▶ _Record set_
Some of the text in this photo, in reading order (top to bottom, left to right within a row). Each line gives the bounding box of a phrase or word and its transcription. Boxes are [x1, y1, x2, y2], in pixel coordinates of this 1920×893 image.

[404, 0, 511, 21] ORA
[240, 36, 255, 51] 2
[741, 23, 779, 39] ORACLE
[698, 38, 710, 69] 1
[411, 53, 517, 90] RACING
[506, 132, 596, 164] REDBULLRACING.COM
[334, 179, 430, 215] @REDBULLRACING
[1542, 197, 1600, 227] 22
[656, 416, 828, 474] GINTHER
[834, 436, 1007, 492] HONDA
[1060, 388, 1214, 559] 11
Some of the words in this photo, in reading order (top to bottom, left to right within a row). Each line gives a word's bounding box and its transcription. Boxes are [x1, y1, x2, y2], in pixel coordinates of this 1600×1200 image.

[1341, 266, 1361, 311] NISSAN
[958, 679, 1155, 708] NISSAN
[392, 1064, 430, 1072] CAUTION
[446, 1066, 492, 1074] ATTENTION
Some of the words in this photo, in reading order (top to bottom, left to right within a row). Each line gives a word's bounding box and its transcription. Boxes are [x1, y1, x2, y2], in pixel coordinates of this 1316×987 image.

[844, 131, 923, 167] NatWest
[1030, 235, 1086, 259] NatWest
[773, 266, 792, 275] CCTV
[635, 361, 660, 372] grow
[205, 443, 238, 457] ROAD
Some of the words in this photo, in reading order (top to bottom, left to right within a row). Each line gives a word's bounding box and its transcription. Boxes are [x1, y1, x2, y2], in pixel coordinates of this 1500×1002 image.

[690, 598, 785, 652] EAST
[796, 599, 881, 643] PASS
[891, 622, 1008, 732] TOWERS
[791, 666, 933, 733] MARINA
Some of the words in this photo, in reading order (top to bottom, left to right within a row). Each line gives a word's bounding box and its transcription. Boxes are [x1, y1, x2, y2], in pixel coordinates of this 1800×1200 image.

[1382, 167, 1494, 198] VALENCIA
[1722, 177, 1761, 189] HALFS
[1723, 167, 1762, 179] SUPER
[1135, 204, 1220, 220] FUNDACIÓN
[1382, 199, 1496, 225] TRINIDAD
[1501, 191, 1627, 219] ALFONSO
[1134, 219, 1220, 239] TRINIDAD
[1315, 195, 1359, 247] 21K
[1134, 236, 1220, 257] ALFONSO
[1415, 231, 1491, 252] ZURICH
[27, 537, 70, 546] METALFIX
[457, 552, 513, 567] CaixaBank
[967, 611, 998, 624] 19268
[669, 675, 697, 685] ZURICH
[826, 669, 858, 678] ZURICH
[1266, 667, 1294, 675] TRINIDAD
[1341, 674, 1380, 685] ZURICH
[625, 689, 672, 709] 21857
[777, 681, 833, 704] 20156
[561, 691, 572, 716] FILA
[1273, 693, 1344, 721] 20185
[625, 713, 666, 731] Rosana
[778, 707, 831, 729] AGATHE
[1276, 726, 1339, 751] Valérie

▶ _What is being asked_
The span to print begins at the line containing "this 1500×1002 image." and ends at the final line of the entries; print it exactly and print nothing else.

▶ _Task result_
Some of the words in this photo, in reading order (top to bottom, left to right within a row). Each line gives a word's bounding box and its transcription. Boxes are [x1, y1, x2, y2], in pixel coordinates of this 1500×1002 image.

[690, 598, 785, 652] EAST
[796, 599, 881, 643] PASS
[891, 622, 1008, 732] TOWERS
[791, 666, 933, 733] MARINA
Some of the words in this photo, in reading order (top to bottom, left to right within a row). Each line gives a word's bounding box and its transcription. Boxes are [x1, y1, x2, y2], in pixel coordinates of this 1800×1200 image.

[1382, 167, 1494, 198] VALENCIA
[1722, 177, 1761, 189] HALFS
[1723, 167, 1762, 179] SUPER
[1135, 204, 1220, 220] FUNDACIÓN
[1382, 199, 1496, 225] TRINIDAD
[1501, 191, 1627, 219] ALFONSO
[1134, 219, 1220, 239] TRINIDAD
[1315, 195, 1359, 247] 21K
[1134, 236, 1220, 257] ALFONSO
[1415, 231, 1491, 252] ZURICH
[27, 537, 70, 546] METALFIX
[457, 552, 513, 567] CaixaBank
[967, 611, 998, 624] 19268
[669, 675, 697, 685] ZURICH
[826, 669, 858, 678] ZURICH
[1266, 667, 1294, 675] TRINIDAD
[1341, 674, 1380, 685] ZURICH
[625, 689, 672, 709] 21857
[777, 681, 833, 704] 20156
[561, 691, 572, 716] FILA
[1273, 693, 1344, 721] 20185
[625, 713, 666, 731] Rosana
[778, 707, 831, 729] AGATHE
[1276, 726, 1339, 751] Valérie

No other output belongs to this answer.